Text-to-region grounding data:
⁂

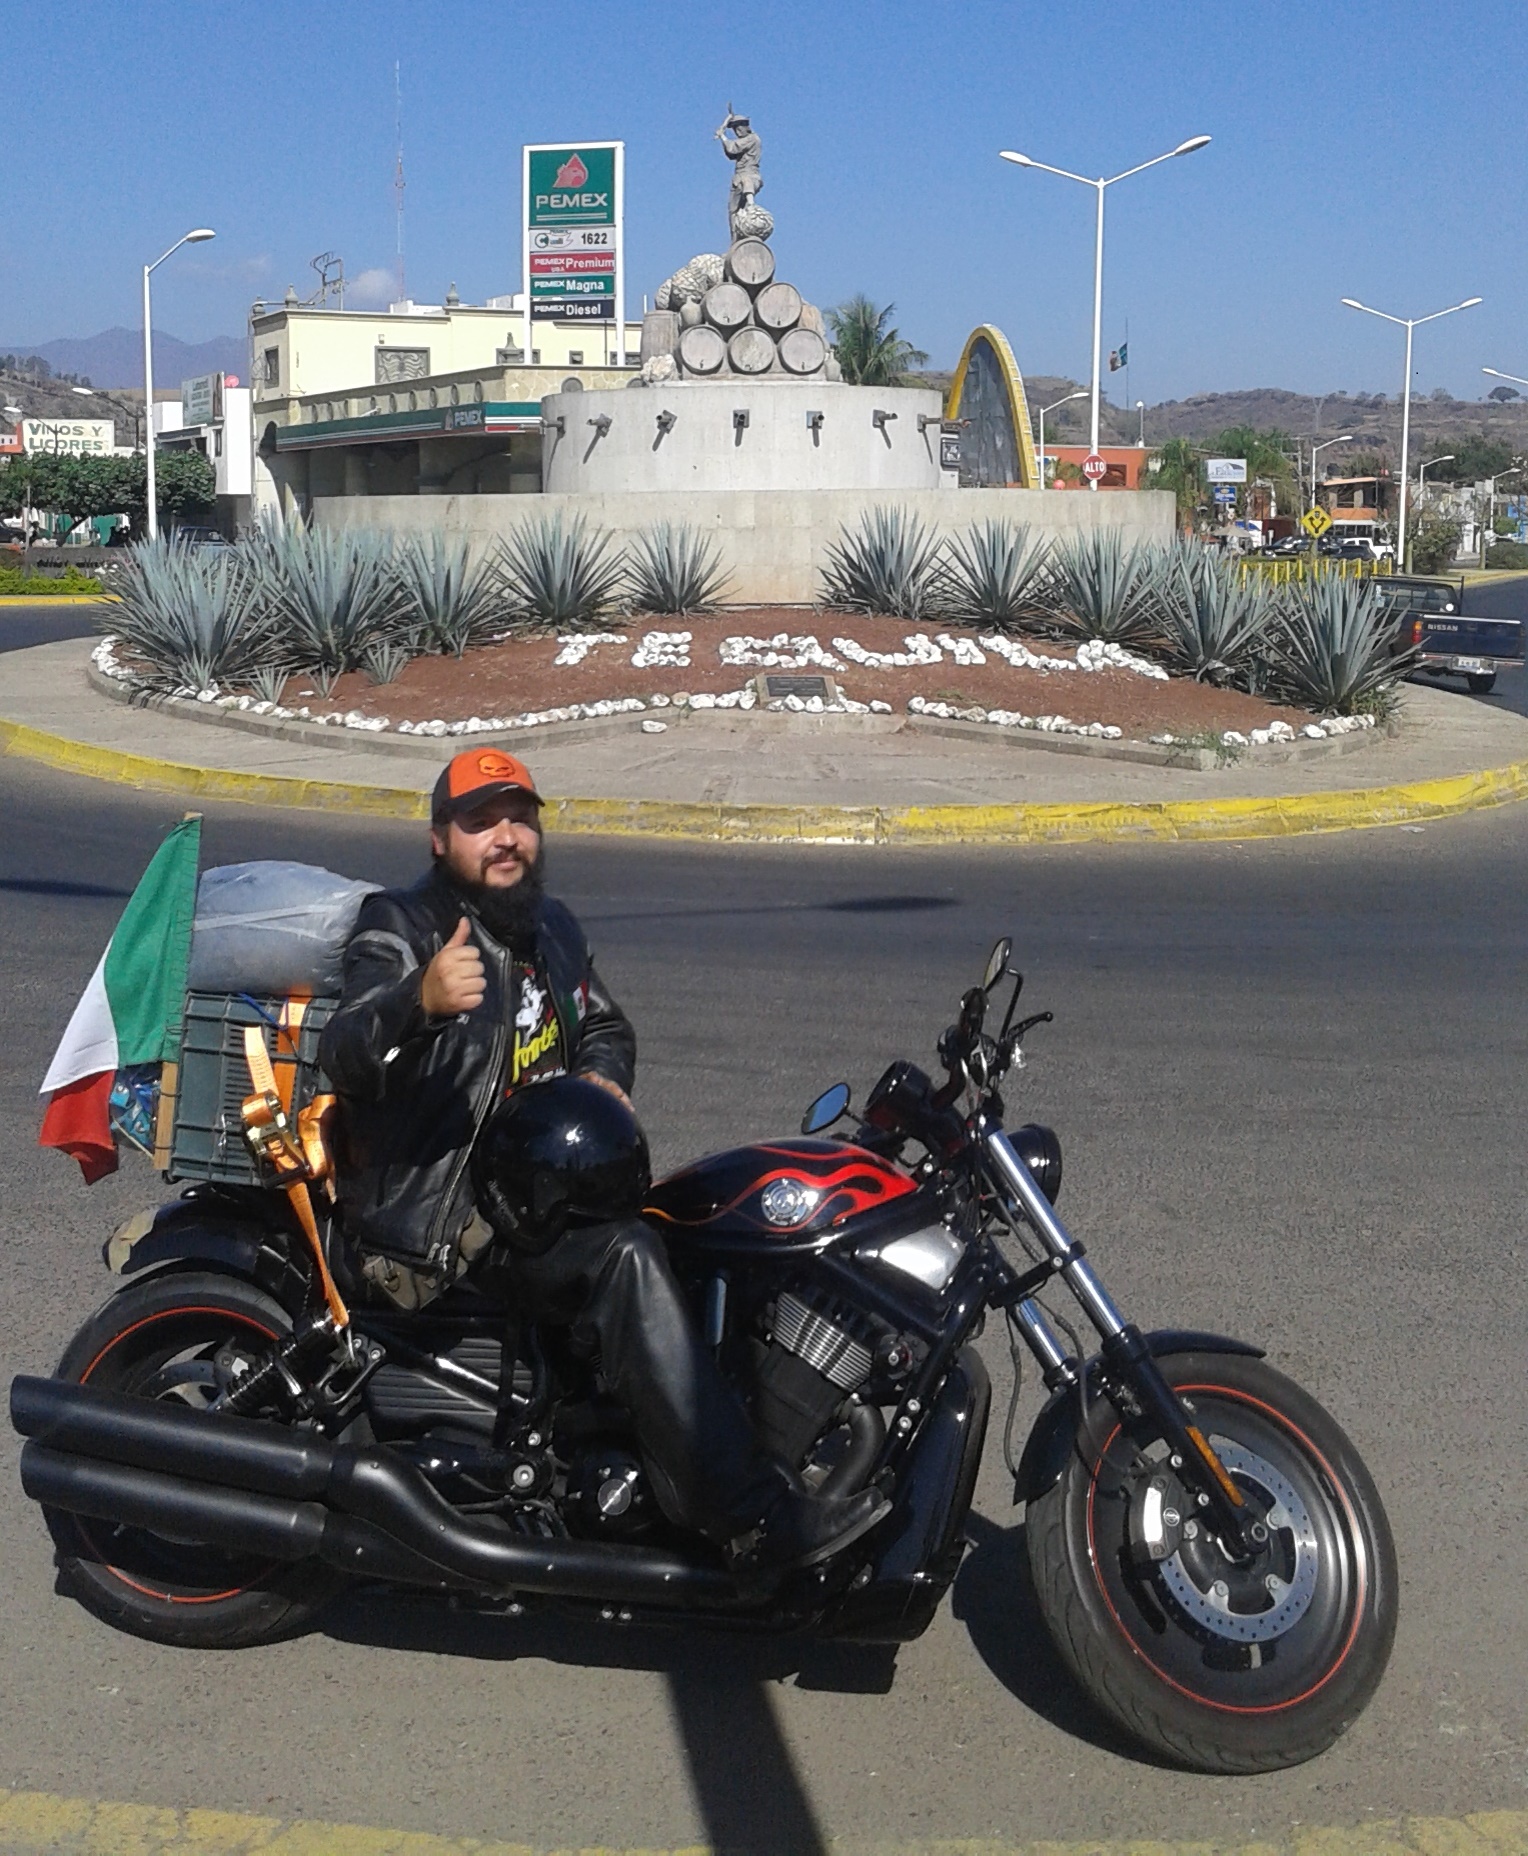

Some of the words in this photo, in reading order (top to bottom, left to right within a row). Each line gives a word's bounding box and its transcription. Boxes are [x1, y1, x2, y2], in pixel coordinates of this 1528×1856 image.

[535, 192, 608, 209] PEMEX
[581, 232, 608, 245] 1622
[534, 258, 565, 266] PEMEX
[566, 257, 614, 269] Premium
[534, 280, 565, 288] PEMEX
[566, 279, 605, 293] Magna
[566, 303, 602, 316] Diesel
[454, 409, 483, 427] PEMEX
[92, 425, 103, 437] Y
[29, 437, 103, 451] LICORES
[1085, 461, 1105, 473] ALTO
[1427, 623, 1458, 632] NISSAN
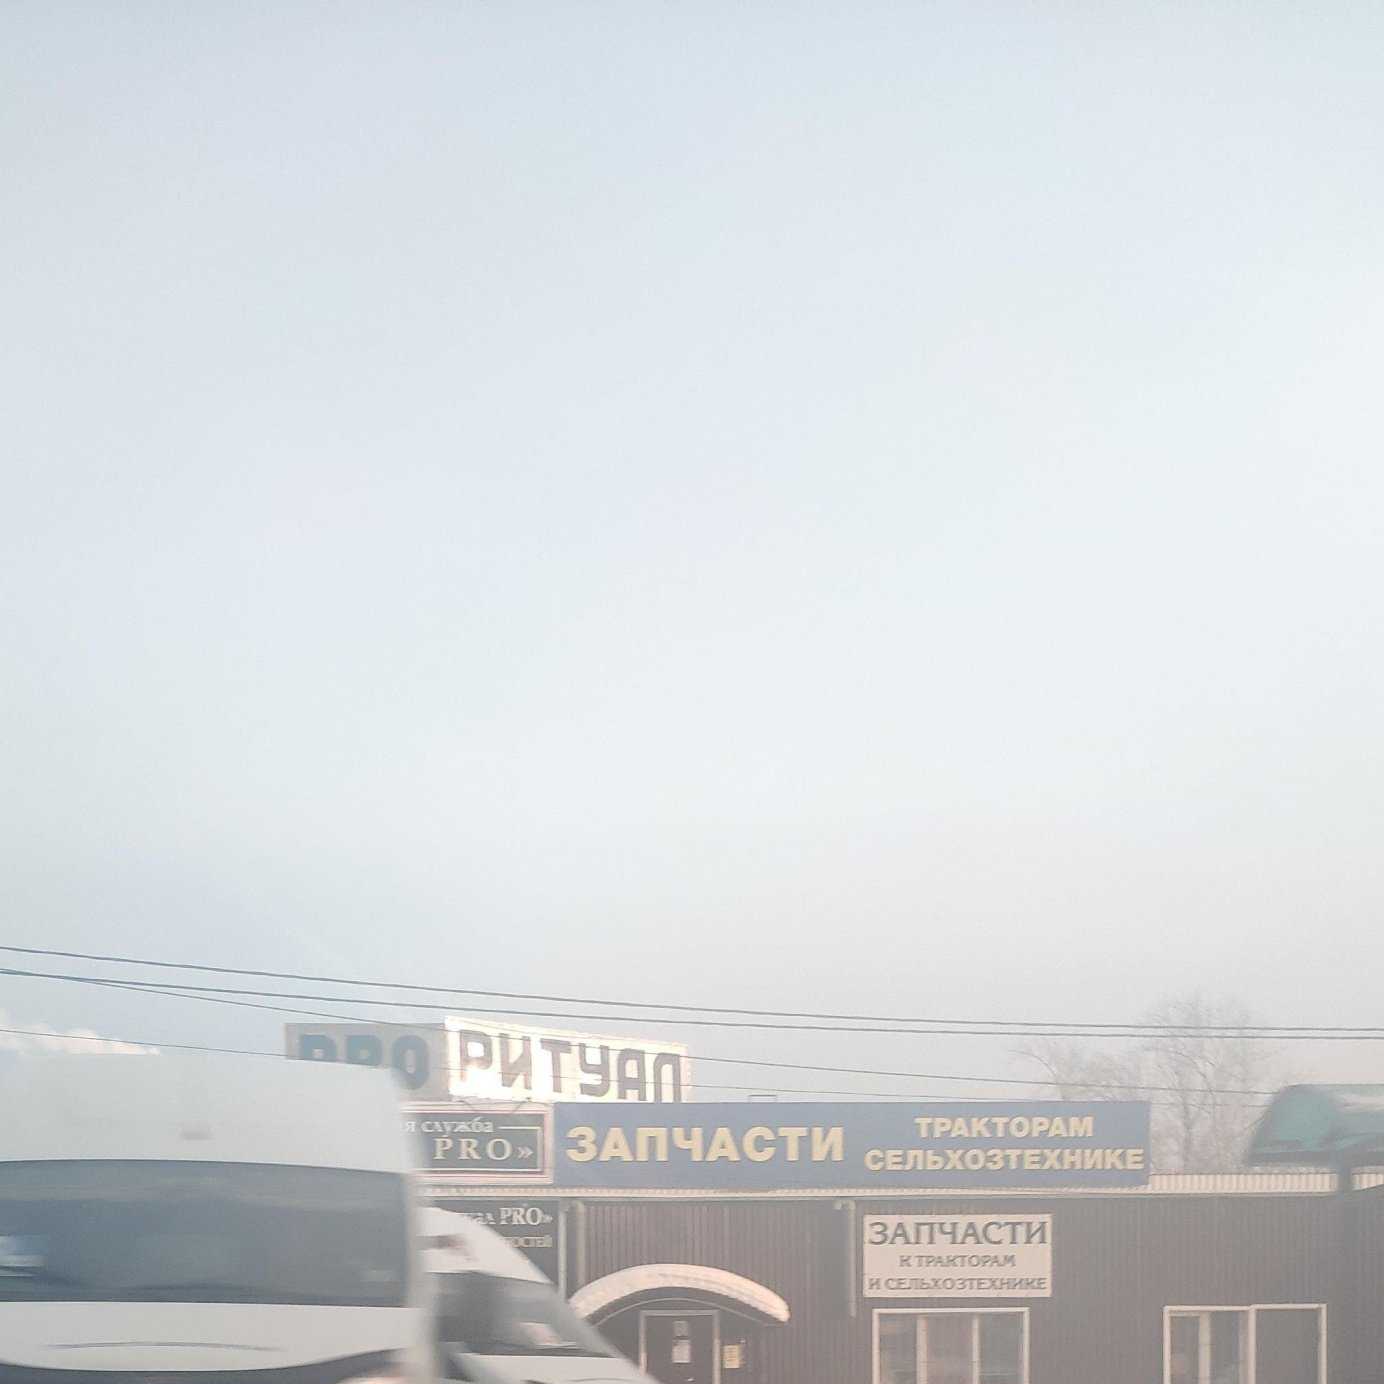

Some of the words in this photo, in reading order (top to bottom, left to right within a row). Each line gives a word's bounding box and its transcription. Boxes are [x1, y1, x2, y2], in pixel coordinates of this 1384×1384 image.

[458, 1029, 682, 1103] РИТУАЛ
[421, 1116, 494, 1136] служба
[915, 1116, 1095, 1138] ТРАКТОРАМ
[565, 1126, 845, 1163] ЗАПЧАСТИ
[864, 1148, 1145, 1171] СЕЛЬХОЗТЕХНИКЕ
[868, 1220, 1048, 1246] ЗАПЧАСТИ
[899, 1255, 913, 1268] К
[915, 1254, 1017, 1268] ТРАКТОРАМ
[868, 1278, 881, 1291] И
[884, 1277, 1047, 1291] СЕЛЬХОЗТЕХНИКЕ

⁂

EXERCISE DESCRIPTION:
Pictures do not belong in the copy. Please reproduce the entries above exactly otherwise.

RESULT FOR THIS TASK:
Some of the words in this photo, in reading order (top to bottom, left to right within a row). Each line gives a word's bounding box and its transcription. Boxes are [x1, y1, x2, y2], in pixel coordinates of this 1528×1856 image.

[535, 192, 608, 209] PEMEX
[581, 232, 608, 245] 1622
[534, 258, 565, 266] PEMEX
[566, 257, 614, 269] Premium
[534, 280, 565, 288] PEMEX
[566, 279, 605, 293] Magna
[566, 303, 602, 316] Diesel
[454, 409, 483, 427] PEMEX
[92, 425, 103, 437] Y
[29, 437, 103, 451] LICORES
[1085, 461, 1105, 473] ALTO
[1427, 623, 1458, 632] NISSAN

Some of the words in this photo, in reading order (top to bottom, left to right within a row). Each line gives a word's bounding box and its transcription. Boxes are [x1, y1, x2, y2], in pixel coordinates of this 1384×1384 image.

[458, 1029, 682, 1103] РИТУАЛ
[421, 1116, 494, 1136] служба
[915, 1116, 1095, 1138] ТРАКТОРАМ
[565, 1126, 845, 1163] ЗАПЧАСТИ
[864, 1148, 1145, 1171] СЕЛЬХОЗТЕХНИКЕ
[868, 1220, 1048, 1246] ЗАПЧАСТИ
[899, 1255, 913, 1268] К
[915, 1254, 1017, 1268] ТРАКТОРАМ
[868, 1278, 881, 1291] И
[884, 1277, 1047, 1291] СЕЛЬХОЗТЕХНИКЕ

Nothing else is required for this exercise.